I never really thought about it in the sense that we'd extrapolate the exact brightness trough lab colorspace X/Z cordinates or something like that...mostly because I am an artist and I've never been able to stand coding..so I dont have that thought set...I think your skillset gives you the capability to understand it with better metaphores in color theory and coding, but you tend to understimate the usefullness of just letting the end user customize things  :crazy:

Ideally, I think it should just be a way of handling palletes that is ramp-oriented.
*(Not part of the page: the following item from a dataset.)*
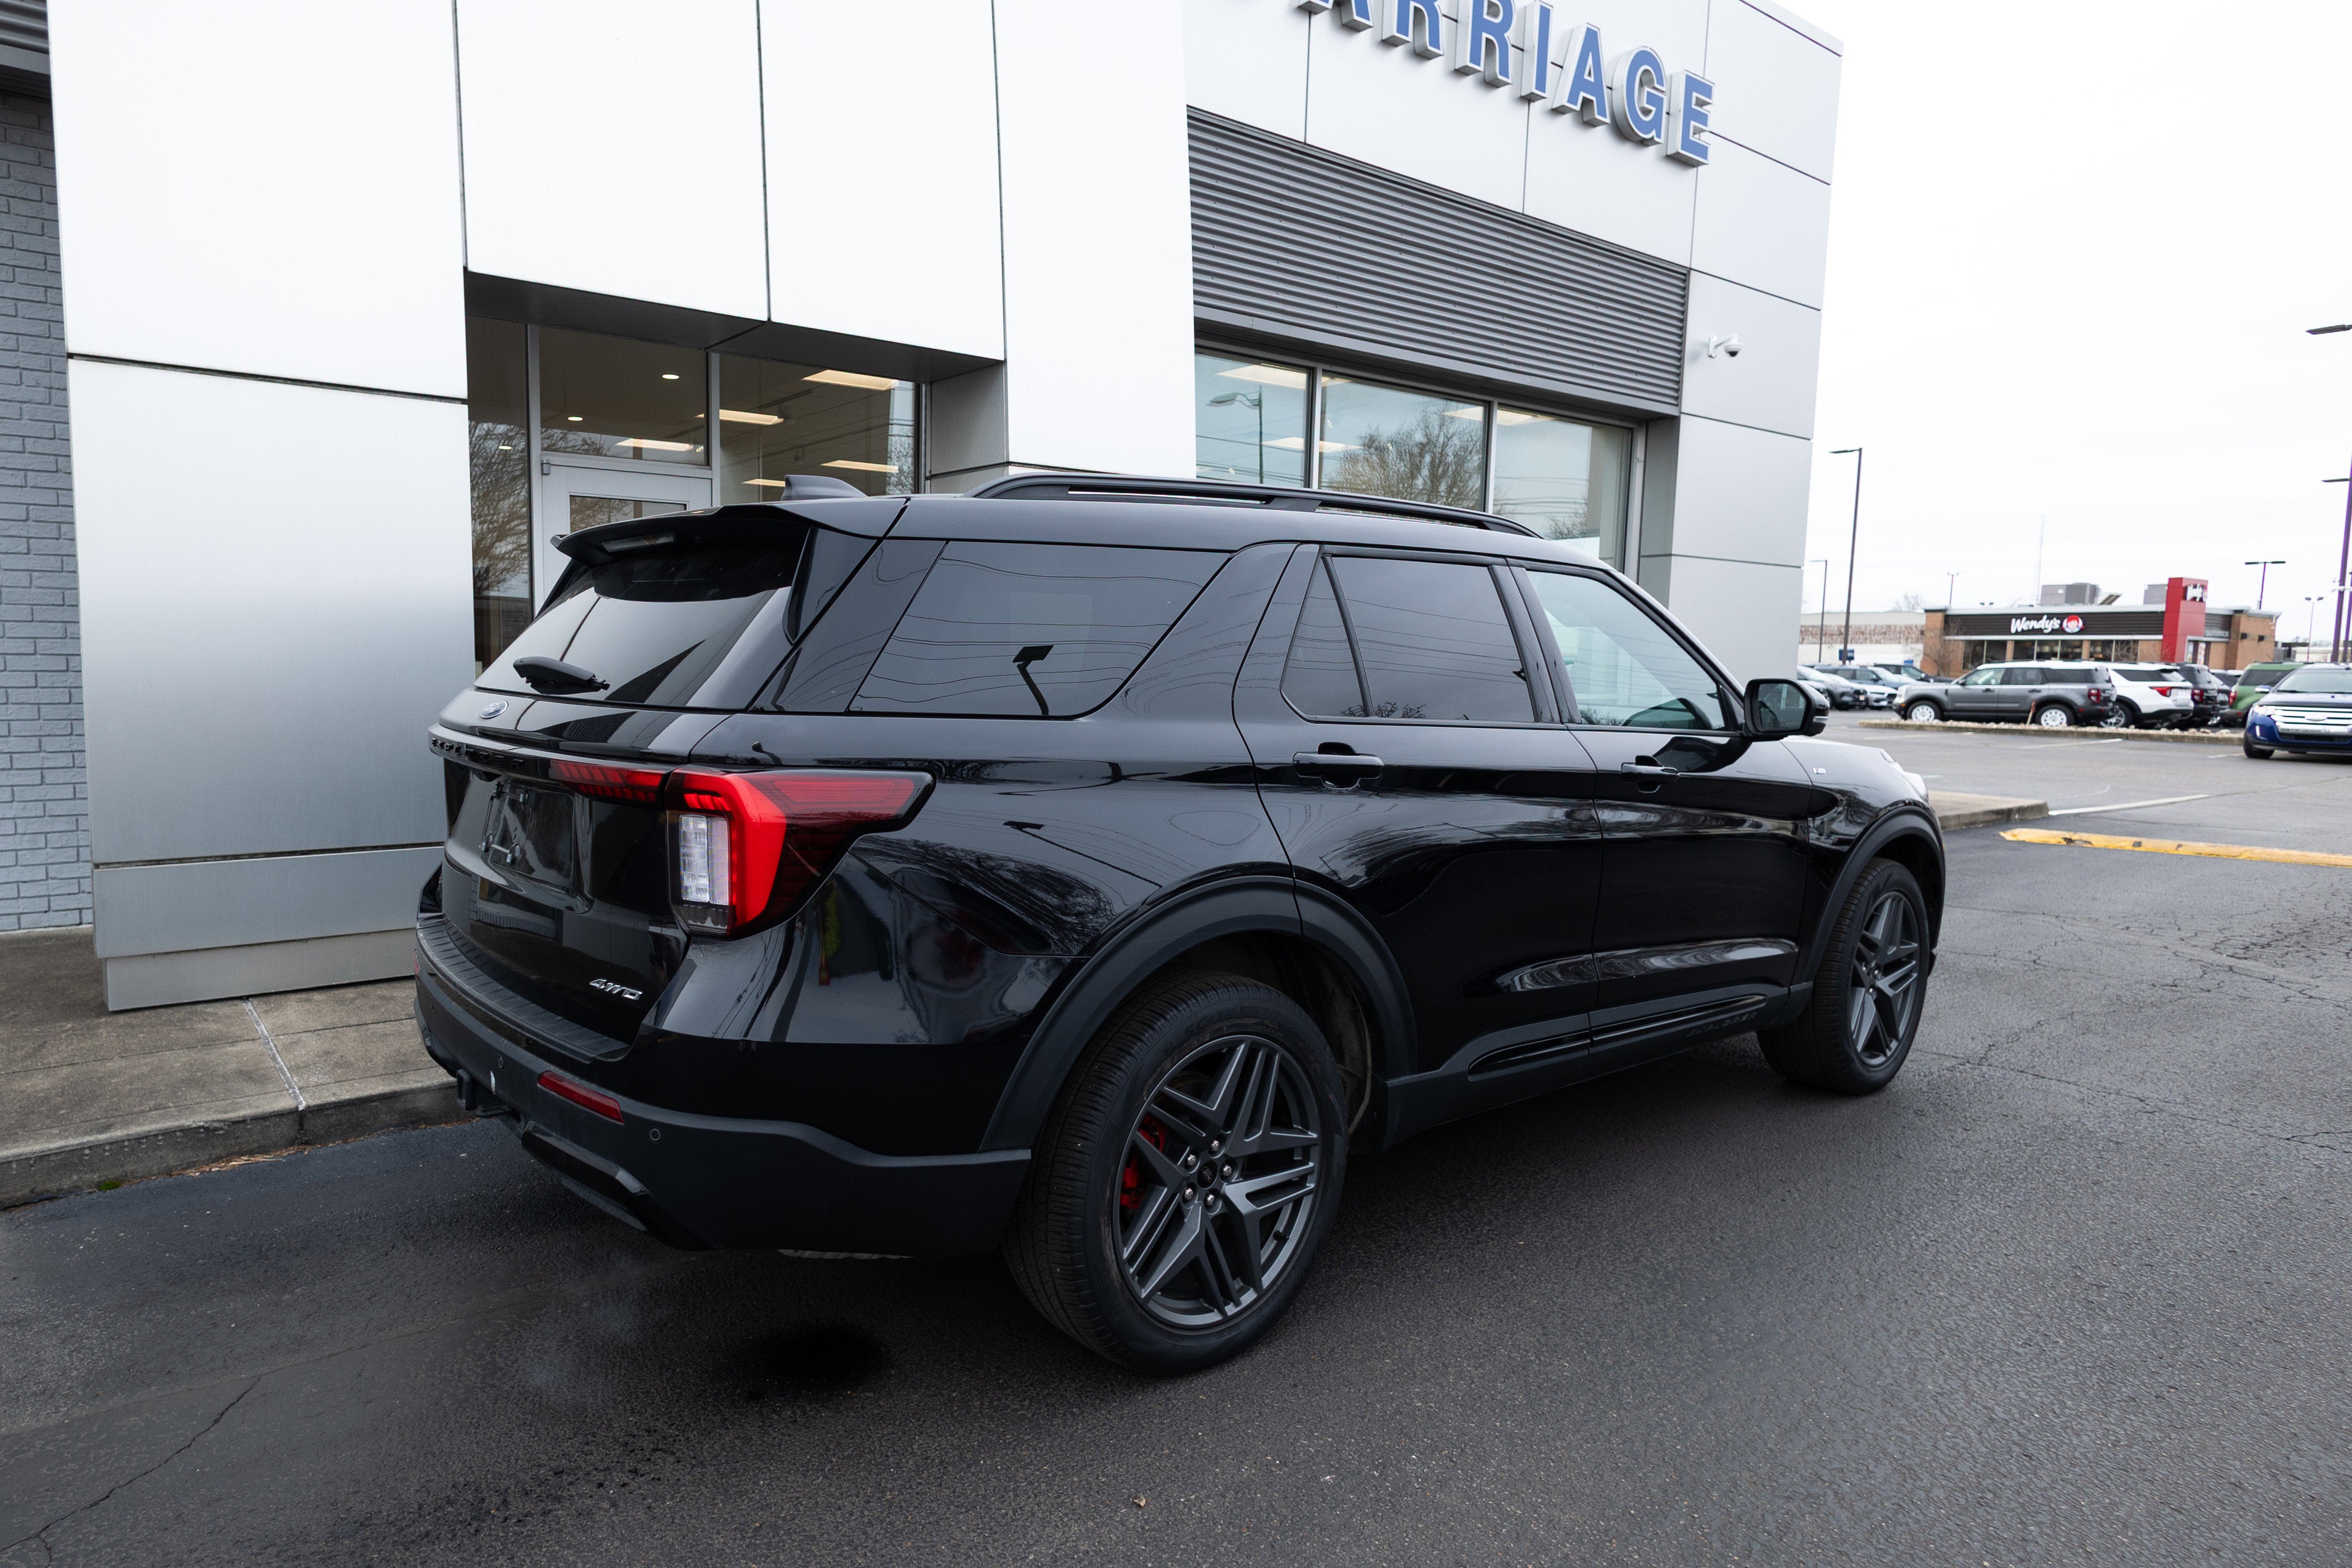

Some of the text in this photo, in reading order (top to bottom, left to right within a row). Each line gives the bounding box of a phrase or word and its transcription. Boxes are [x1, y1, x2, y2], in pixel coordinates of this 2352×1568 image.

[1297, 0, 1714, 167] RIAGE
[2011, 615, 2061, 633] Wendy's
[589, 978, 642, 1000] 4WD
That is so that when as you said there are ramps of diferent length than the "baserampsize" it is the user that decides how exactly they match up...because no matter how accurate LAB or whatever is it just doesnt know what you're going for.

Say you have the sprite's clothes, then you have his metal armor...and his hair or whatever.


 You know that his hair has two extra shadow tones, while the armor has two extra highlight tones...you just scroll the two ramps so they overlap in the way you know they should (excuse the hideous pallete....:p)

In practice I guess the program would handle the tones from ramps with greater length as duplicate pallete entries (anything past the brightest red color will still be handled as the brightest red) but the idea would be that the program would only do it in a internal file format which would 'know' which are the duplicate entries, and you'd be able to export the file with clean single entries.

Now, suppose you wanted to add the extra shadow tones to the metal as well, but you dont want to add any extra tones
you just tell the program to use the two hair shadow tones for that, we already do that but we've no way of recording that those two entries in the ramp although the same tone as the ones in the hair one, are from the metal ramp. The idea would be to fix that...so that if suddenly it turns out that your game is going to a new platform that allows 2 more shades (or more likely you just decide to feck the limitations) it isnt a mess to recolor.

The whole third dimension view to it when adding multiple light sources ( I wonder if light sources is correct..more like chromatic filters..heh) sounds very smart.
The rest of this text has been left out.